Todos los títulos de la prensa llevaban algún sinónimo de la palabra “copia”. Al no negarlo, Systrom se libró de las críticas. En este sentido, el directivo explicó que la función era una nueva forma de comunicación, como el mail, y que el hecho de que Snapchat lo hubiera inventado no significaba que los demás no pudieran usarlo.

Si bien Twitter no pudo comprar Instagram, sí logró hacerse de Vine en enero de 2013. Se trataba de una aplicación a punto de salir al mercado para producir y compartir videos de solo seis segundos que se reproducían en un bucle (un efecto que hoy se encuentra como efecto en Instagram y TikTok).

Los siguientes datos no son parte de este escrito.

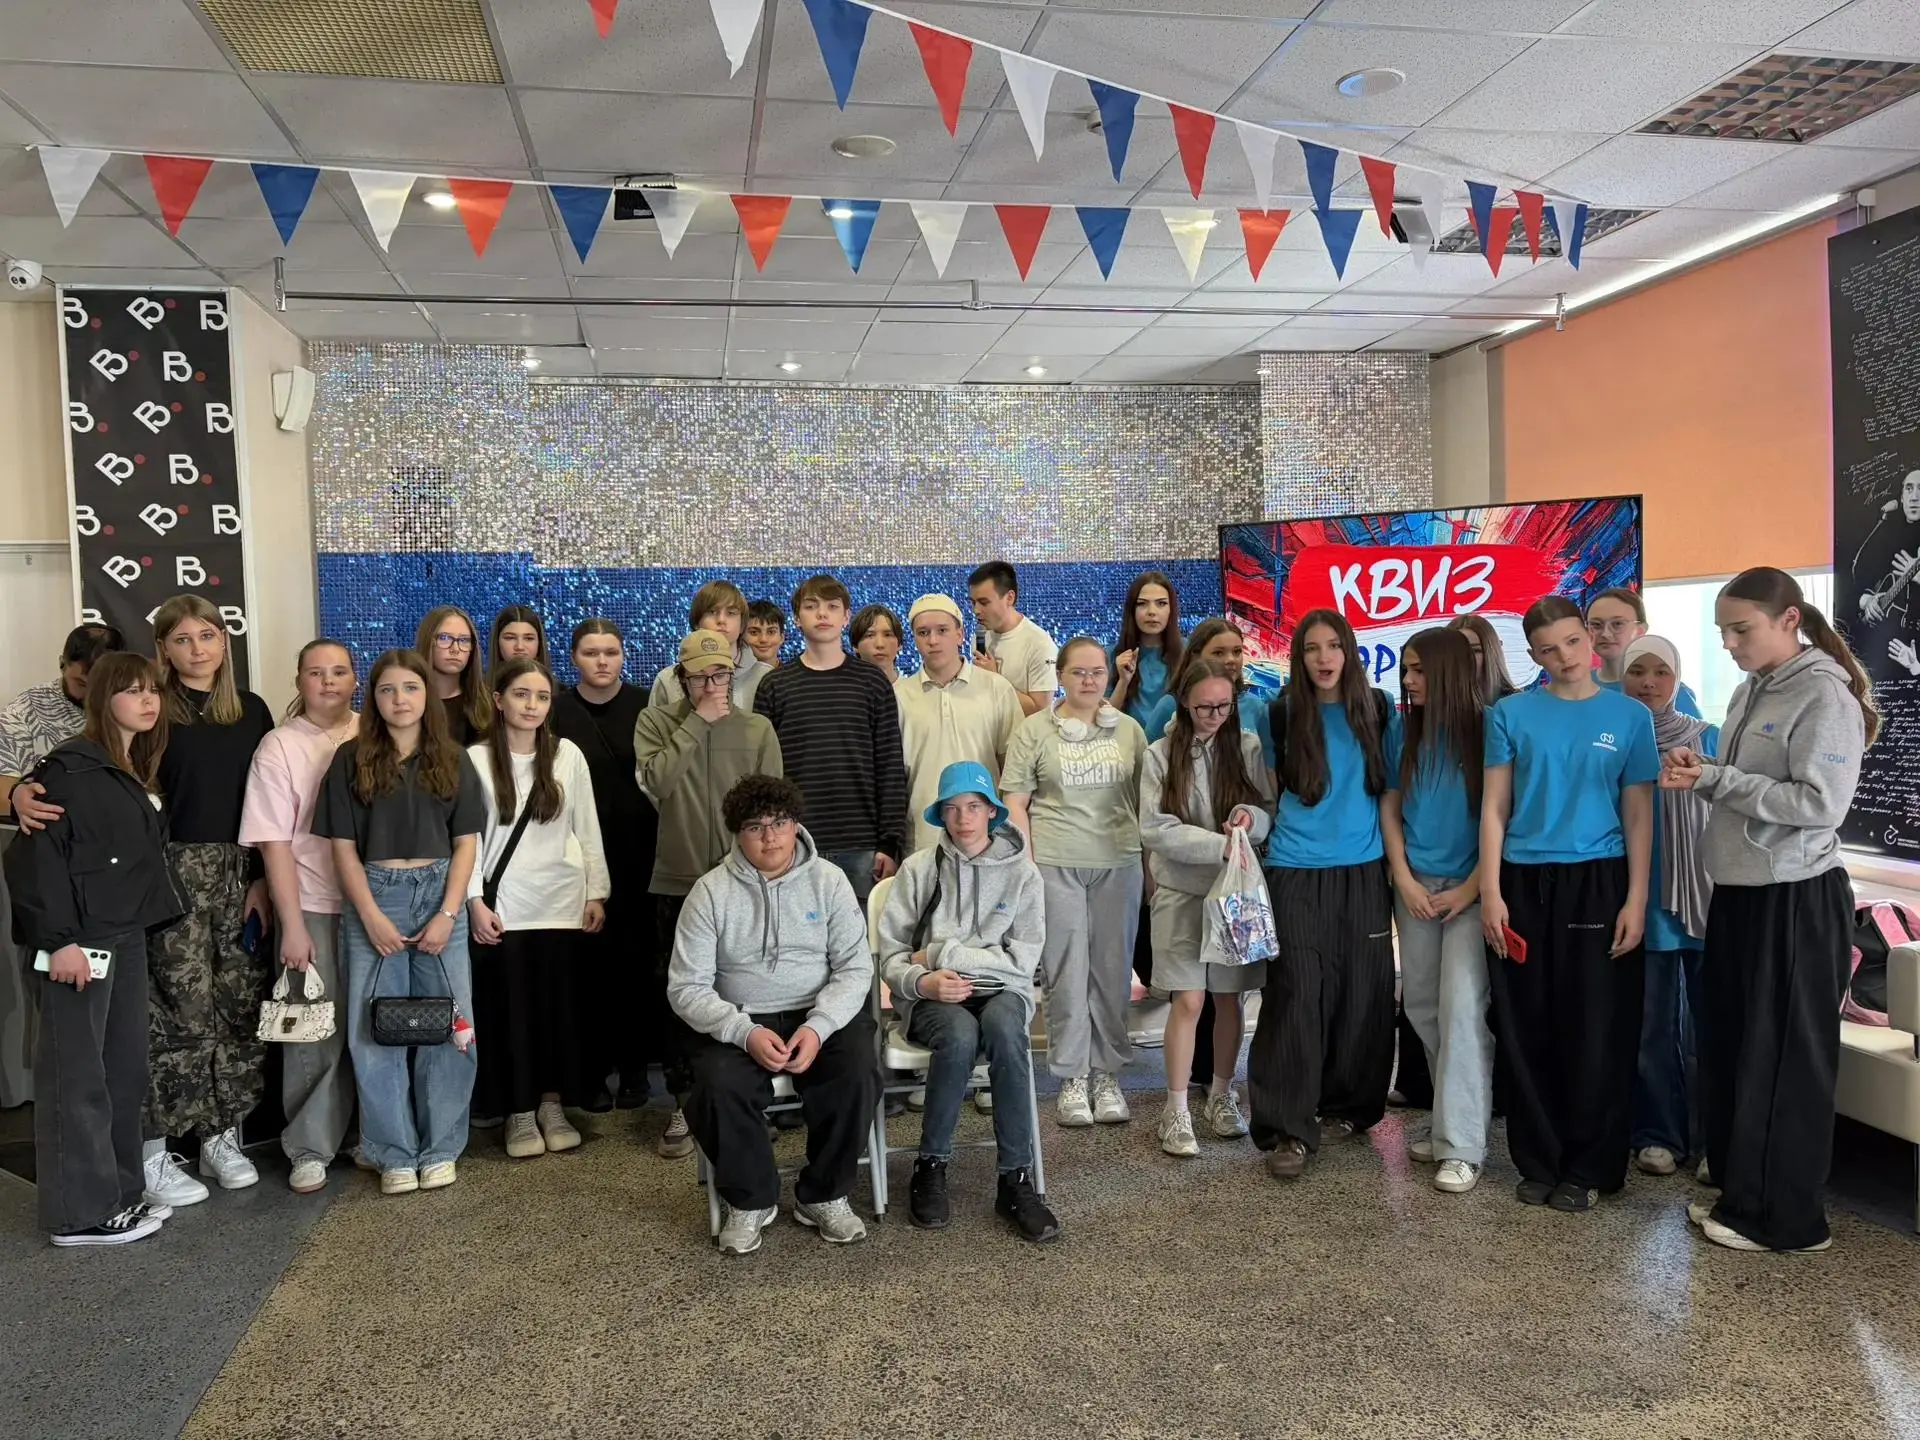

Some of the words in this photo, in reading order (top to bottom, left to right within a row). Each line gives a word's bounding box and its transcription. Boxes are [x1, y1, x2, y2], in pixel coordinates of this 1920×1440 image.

Las redes, como Instagram, en esa época aún no se animaban a los videos porque la calidad de conexión móvil no era lo suficientemente satisfactoria para que la pieza audiovisual tuviera una reproducción satisfactoria. Sin embargo, solo pasaron unos meses hasta que Instagram lanzó la posibilidad de compartir videos de un máximo de 15 segundos en la aplicación.

En las primeras 24 horas de la incorporación de esta función, los usuarios subieron más de 5 millones de videos a Instagram.

Un movimiento similar que adoptó Instagram para que otra red no le acaparara el mercado ocurrió en 2020, cuando TikTok, de la empresa matriz china ByteDance, se popularizó con sus videos verticales con música y efectos que ocupaban toda la pantalla. Así fue como lanzó los “reels” para competir también en ese terreno.